Only those lines running from the line that contains "this 1500×1688 image." through the end of the material are to be written out, each exactly as shown.

::::::::::

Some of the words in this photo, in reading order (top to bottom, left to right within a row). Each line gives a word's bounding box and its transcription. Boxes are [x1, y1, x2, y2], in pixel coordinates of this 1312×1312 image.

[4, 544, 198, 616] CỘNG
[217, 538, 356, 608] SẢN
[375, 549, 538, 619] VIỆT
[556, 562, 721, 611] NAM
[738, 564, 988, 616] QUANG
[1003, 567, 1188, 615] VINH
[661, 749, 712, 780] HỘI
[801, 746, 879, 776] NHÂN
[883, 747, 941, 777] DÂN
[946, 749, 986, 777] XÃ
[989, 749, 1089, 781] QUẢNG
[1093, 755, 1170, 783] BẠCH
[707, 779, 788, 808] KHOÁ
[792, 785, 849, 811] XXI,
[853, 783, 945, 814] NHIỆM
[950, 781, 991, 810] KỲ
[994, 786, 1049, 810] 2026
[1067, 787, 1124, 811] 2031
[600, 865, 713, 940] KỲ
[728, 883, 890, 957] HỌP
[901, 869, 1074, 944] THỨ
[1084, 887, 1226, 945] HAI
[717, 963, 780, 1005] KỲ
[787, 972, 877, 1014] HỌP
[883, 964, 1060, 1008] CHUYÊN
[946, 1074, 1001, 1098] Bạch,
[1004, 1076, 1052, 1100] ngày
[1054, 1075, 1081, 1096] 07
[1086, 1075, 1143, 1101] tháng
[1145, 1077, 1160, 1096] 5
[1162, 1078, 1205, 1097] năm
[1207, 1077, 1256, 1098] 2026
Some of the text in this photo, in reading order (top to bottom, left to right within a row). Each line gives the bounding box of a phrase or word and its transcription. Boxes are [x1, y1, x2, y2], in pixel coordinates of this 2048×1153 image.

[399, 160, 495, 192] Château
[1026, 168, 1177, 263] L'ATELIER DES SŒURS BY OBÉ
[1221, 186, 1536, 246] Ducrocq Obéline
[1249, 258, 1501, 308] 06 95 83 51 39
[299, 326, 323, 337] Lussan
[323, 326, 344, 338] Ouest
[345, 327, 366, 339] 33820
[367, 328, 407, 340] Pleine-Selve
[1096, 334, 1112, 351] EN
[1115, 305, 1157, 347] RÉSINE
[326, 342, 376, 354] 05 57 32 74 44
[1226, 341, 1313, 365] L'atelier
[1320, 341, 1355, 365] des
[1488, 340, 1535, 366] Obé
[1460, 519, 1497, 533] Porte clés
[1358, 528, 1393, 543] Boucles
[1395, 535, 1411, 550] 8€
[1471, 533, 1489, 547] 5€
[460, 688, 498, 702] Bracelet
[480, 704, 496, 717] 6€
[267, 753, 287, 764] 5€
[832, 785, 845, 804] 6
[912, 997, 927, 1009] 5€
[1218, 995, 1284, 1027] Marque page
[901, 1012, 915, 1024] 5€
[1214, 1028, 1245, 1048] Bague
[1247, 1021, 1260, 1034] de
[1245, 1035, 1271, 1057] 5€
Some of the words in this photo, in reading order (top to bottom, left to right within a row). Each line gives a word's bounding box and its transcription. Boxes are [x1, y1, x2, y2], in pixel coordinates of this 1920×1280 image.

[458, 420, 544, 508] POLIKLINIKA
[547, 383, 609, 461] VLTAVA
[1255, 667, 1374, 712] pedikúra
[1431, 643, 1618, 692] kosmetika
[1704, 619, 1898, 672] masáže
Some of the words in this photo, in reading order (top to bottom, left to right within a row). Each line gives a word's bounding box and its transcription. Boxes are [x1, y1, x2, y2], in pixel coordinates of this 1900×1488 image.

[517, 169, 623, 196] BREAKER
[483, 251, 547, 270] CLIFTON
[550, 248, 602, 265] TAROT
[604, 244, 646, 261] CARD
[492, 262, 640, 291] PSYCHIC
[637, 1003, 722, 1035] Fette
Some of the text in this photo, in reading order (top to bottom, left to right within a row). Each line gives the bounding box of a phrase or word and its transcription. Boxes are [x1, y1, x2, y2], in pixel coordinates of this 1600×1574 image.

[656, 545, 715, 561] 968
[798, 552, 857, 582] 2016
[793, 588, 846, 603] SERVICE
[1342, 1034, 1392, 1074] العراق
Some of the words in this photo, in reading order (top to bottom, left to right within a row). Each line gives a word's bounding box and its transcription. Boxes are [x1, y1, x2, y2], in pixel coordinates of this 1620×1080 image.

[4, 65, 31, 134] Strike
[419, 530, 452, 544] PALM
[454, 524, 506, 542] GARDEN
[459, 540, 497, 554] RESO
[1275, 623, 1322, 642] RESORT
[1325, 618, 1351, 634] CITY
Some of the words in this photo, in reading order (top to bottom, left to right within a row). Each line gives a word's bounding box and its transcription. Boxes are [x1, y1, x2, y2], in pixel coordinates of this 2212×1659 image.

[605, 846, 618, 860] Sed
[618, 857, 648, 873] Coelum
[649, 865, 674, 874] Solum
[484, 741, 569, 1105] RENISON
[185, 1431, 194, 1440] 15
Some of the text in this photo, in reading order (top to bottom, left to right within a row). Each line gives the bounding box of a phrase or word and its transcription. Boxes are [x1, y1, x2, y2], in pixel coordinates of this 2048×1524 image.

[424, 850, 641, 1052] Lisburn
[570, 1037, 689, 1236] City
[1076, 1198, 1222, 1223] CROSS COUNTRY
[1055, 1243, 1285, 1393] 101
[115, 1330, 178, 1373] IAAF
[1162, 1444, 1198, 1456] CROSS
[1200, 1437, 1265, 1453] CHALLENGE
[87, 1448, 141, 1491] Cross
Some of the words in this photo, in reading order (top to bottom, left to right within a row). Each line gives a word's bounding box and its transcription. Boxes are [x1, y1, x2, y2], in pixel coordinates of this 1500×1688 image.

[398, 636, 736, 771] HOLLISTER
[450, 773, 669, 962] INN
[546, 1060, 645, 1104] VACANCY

::::::::::

Exercise answer
Some of the words in this photo, in reading order (top to bottom, left to right within a row). Each line gives a word's bounding box and its transcription. Boxes are [x1, y1, x2, y2], in pixel coordinates of this 1500×1688 image.

[398, 636, 736, 771] HOLLISTER
[450, 773, 669, 962] INN
[546, 1060, 645, 1104] VACANCY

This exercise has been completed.